__Material for this task__:
▼

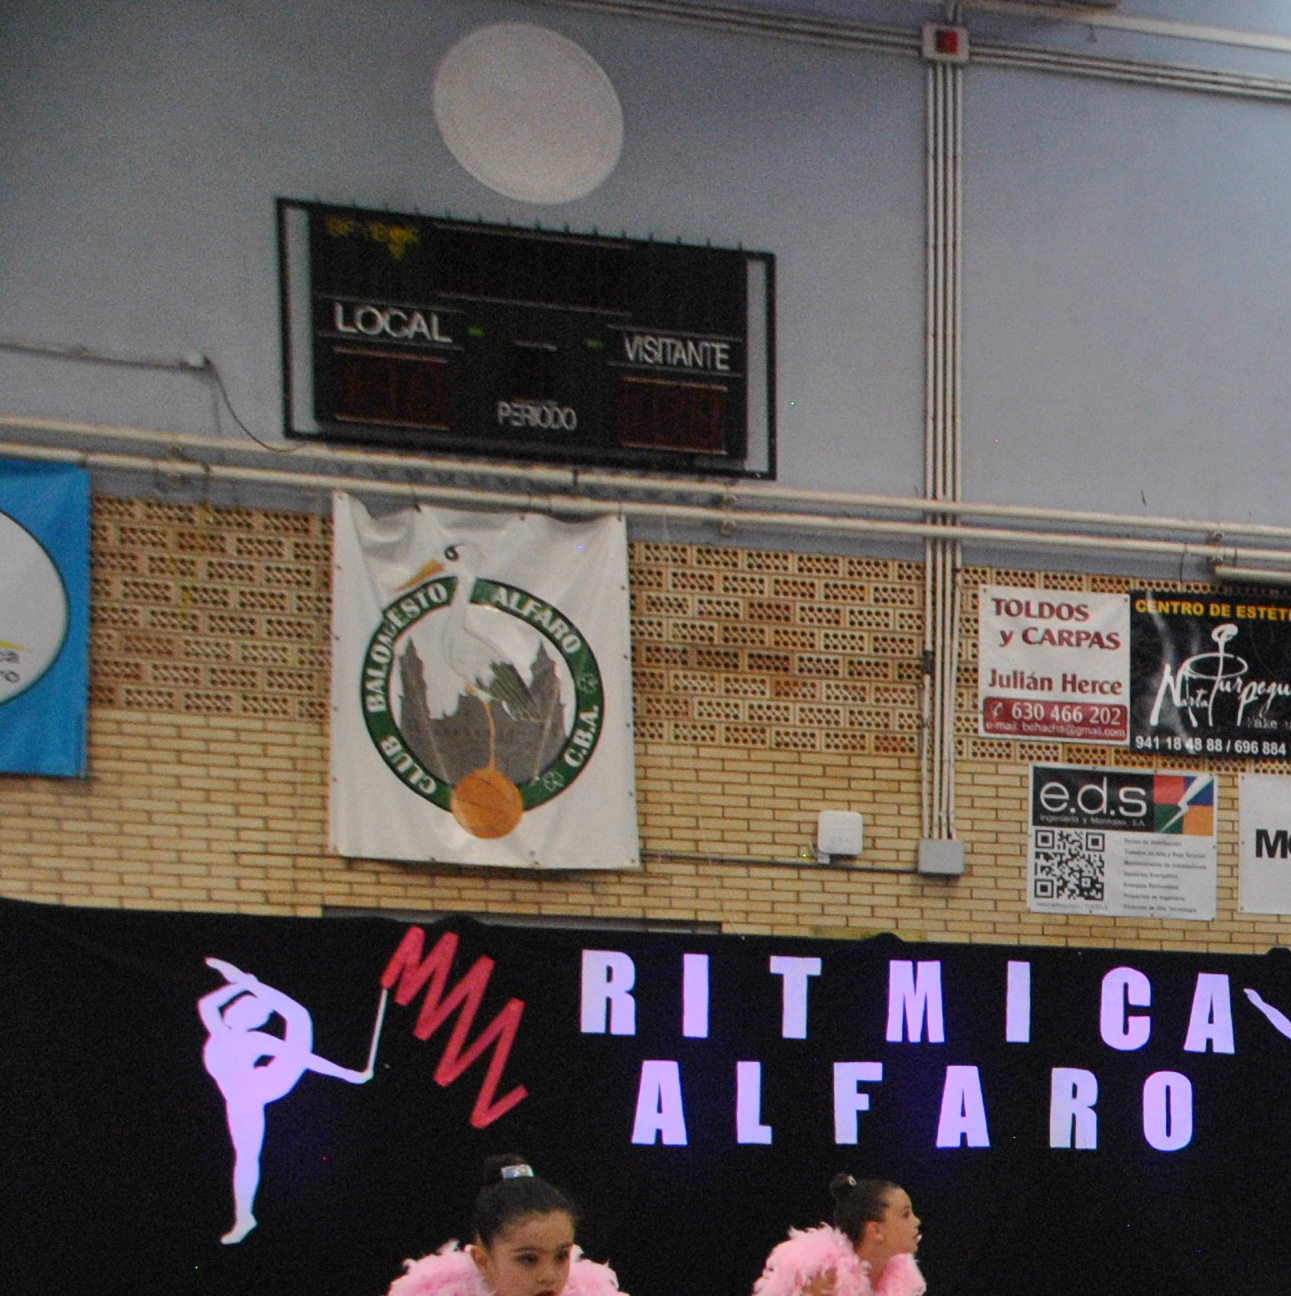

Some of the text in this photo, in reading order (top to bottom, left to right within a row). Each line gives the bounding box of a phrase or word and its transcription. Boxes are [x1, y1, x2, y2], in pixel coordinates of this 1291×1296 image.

[333, 303, 453, 343] LOCAL
[622, 333, 730, 371] VISITANTE
[498, 401, 578, 431] PERIODO
[489, 586, 583, 654] ALFARO
[991, 597, 1090, 622] TOLDOS
[1135, 599, 1204, 615] CENTRO
[1209, 603, 1232, 617] DE
[999, 627, 1121, 650] y CARPAS
[988, 668, 1122, 695] Julián Herce
[1011, 701, 1121, 725] 630 466 202
[563, 704, 599, 768] C.B.A.
[1135, 736, 1160, 750] 941
[1166, 736, 1181, 750] 18
[1206, 738, 1223, 752] 88
[1234, 740, 1258, 754] 696
[1262, 741, 1286, 756] 884
[381, 735, 437, 794] CLUB
[1040, 776, 1147, 818] e.d.s
[579, 949, 1235, 1054] RITMICA
[631, 1060, 1193, 1151] ALFARO
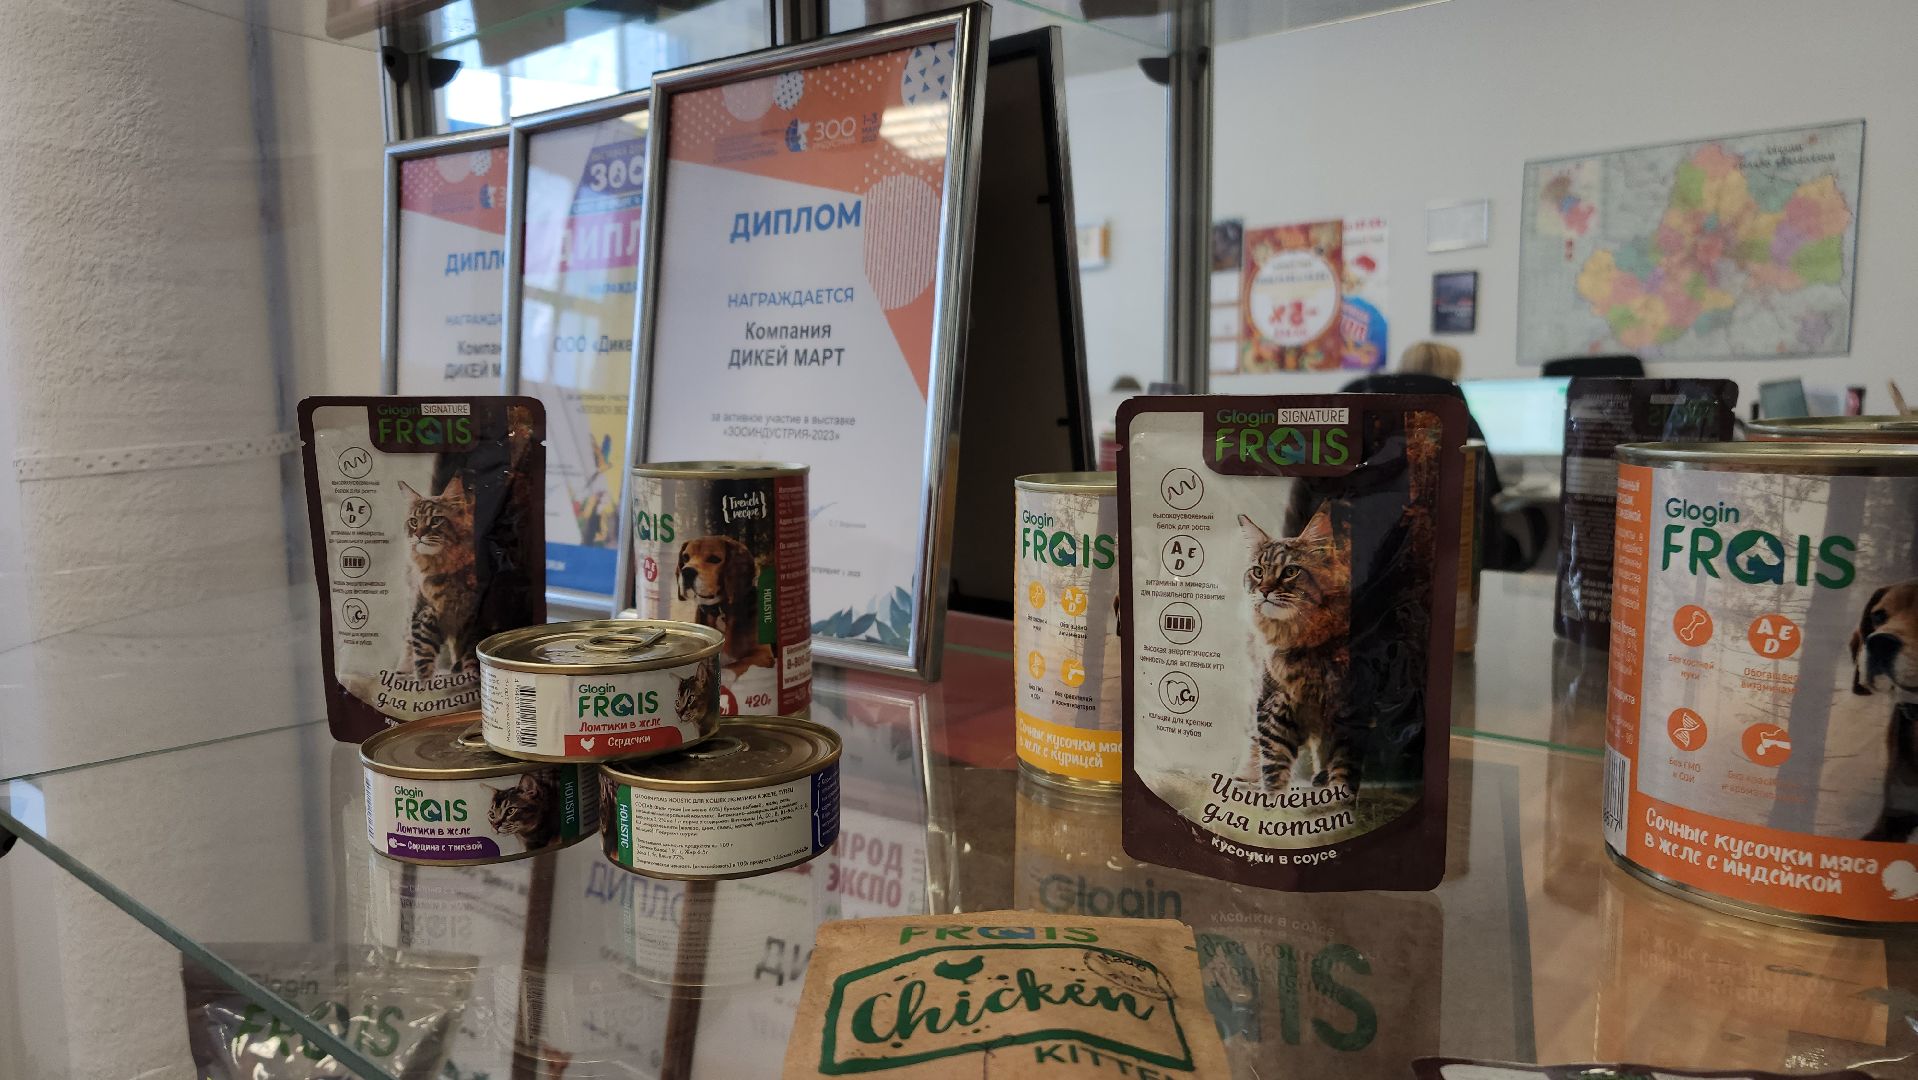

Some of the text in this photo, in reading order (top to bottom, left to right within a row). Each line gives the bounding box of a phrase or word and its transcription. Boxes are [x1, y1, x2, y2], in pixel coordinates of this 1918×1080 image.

[729, 200, 862, 244] ДИПЛОМ
[444, 250, 504, 276] ДИПЛ
[727, 287, 854, 308] НАГРАЖДАЕТСЯ
[745, 322, 832, 340] Компания
[457, 340, 502, 355] Компан
[728, 345, 845, 369] ДИКЕЙ МАРТ
[424, 405, 468, 415] SIGNATURE
[1216, 408, 1345, 427] Glogin SIGNATURE
[377, 416, 472, 445] FRAIS
[1215, 427, 1349, 466] FRAIS
[1022, 510, 1054, 529] Glogin
[1665, 497, 1740, 527] Glogin
[637, 510, 675, 543] AIS
[1022, 527, 1116, 570] FRAIS
[1171, 541, 1196, 558] A E
[1661, 524, 1857, 590] FRAIS
[1174, 559, 1185, 570] D
[1757, 618, 1794, 641] A E
[1763, 638, 1780, 654] D
[379, 669, 479, 693] Цыплёнок
[578, 683, 616, 696] Glogin
[377, 689, 481, 713] для котят
[578, 691, 659, 718] FRAIS
[1180, 688, 1196, 702] Ca
[579, 717, 661, 733] Ломтики в желе
[607, 735, 651, 748] Сердечки
[1047, 732, 1096, 752] кусочки
[1100, 741, 1122, 754] мяс
[1050, 748, 1104, 768] курицей
[394, 785, 423, 798] Glogin
[1211, 772, 1351, 809] Цыплёнок
[394, 798, 468, 822] FRAIS
[566, 781, 575, 825] HOLISTIC
[396, 822, 436, 836] Ломтики
[446, 826, 471, 835] желе
[620, 803, 630, 849] HOLISTIC
[1201, 803, 1354, 837] для котят
[448, 841, 483, 851] тыквой
[1211, 836, 1337, 866] кусочки в соусе
[1646, 807, 1879, 875] Сочные кусочки мяса
[1644, 831, 1843, 895] в желе с индейкой
[825, 862, 902, 908] ЭКСПО
[900, 925, 1099, 945] FRAIS
[1196, 933, 1378, 1052] AIS
[850, 967, 1156, 1044] Chicken

▲

__What is being asked__: What's needed here is an exact repeat of all the records above, pictures excluded.

__Exercise solution__:
Some of the text in this photo, in reading order (top to bottom, left to right within a row). Each line gives the bounding box of a phrase or word and its transcription. Boxes are [x1, y1, x2, y2], in pixel coordinates of this 1291×1296 image.

[333, 303, 453, 343] LOCAL
[622, 333, 730, 371] VISITANTE
[498, 401, 578, 431] PERIODO
[489, 586, 583, 654] ALFARO
[991, 597, 1090, 622] TOLDOS
[1135, 599, 1204, 615] CENTRO
[1209, 603, 1232, 617] DE
[999, 627, 1121, 650] y CARPAS
[988, 668, 1122, 695] Julián Herce
[1011, 701, 1121, 725] 630 466 202
[563, 704, 599, 768] C.B.A.
[1135, 736, 1160, 750] 941
[1166, 736, 1181, 750] 18
[1206, 738, 1223, 752] 88
[1234, 740, 1258, 754] 696
[1262, 741, 1286, 756] 884
[381, 735, 437, 794] CLUB
[1040, 776, 1147, 818] e.d.s
[579, 949, 1235, 1054] RITMICA
[631, 1060, 1193, 1151] ALFARO

Some of the text in this photo, in reading order (top to bottom, left to right within a row). Each line gives the bounding box of a phrase or word and its transcription. Boxes are [x1, y1, x2, y2], in pixel coordinates of this 1918×1080 image.

[729, 200, 862, 244] ДИПЛОМ
[444, 250, 504, 276] ДИПЛ
[727, 287, 854, 308] НАГРАЖДАЕТСЯ
[745, 322, 832, 340] Компания
[457, 340, 502, 355] Компан
[728, 345, 845, 369] ДИКЕЙ МАРТ
[424, 405, 468, 415] SIGNATURE
[1216, 408, 1345, 427] Glogin SIGNATURE
[377, 416, 472, 445] FRAIS
[1215, 427, 1349, 466] FRAIS
[1022, 510, 1054, 529] Glogin
[1665, 497, 1740, 527] Glogin
[637, 510, 675, 543] AIS
[1022, 527, 1116, 570] FRAIS
[1171, 541, 1196, 558] A E
[1661, 524, 1857, 590] FRAIS
[1174, 559, 1185, 570] D
[1757, 618, 1794, 641] A E
[1763, 638, 1780, 654] D
[379, 669, 479, 693] Цыплёнок
[578, 683, 616, 696] Glogin
[377, 689, 481, 713] для котят
[578, 691, 659, 718] FRAIS
[1180, 688, 1196, 702] Ca
[579, 717, 661, 733] Ломтики в желе
[607, 735, 651, 748] Сердечки
[1047, 732, 1096, 752] кусочки
[1100, 741, 1122, 754] мяс
[1050, 748, 1104, 768] курицей
[394, 785, 423, 798] Glogin
[1211, 772, 1351, 809] Цыплёнок
[394, 798, 468, 822] FRAIS
[566, 781, 575, 825] HOLISTIC
[396, 822, 436, 836] Ломтики
[446, 826, 471, 835] желе
[620, 803, 630, 849] HOLISTIC
[1201, 803, 1354, 837] для котят
[448, 841, 483, 851] тыквой
[1211, 836, 1337, 866] кусочки в соусе
[1646, 807, 1879, 875] Сочные кусочки мяса
[1644, 831, 1843, 895] в желе с индейкой
[825, 862, 902, 908] ЭКСПО
[900, 925, 1099, 945] FRAIS
[1196, 933, 1378, 1052] AIS
[850, 967, 1156, 1044] Chicken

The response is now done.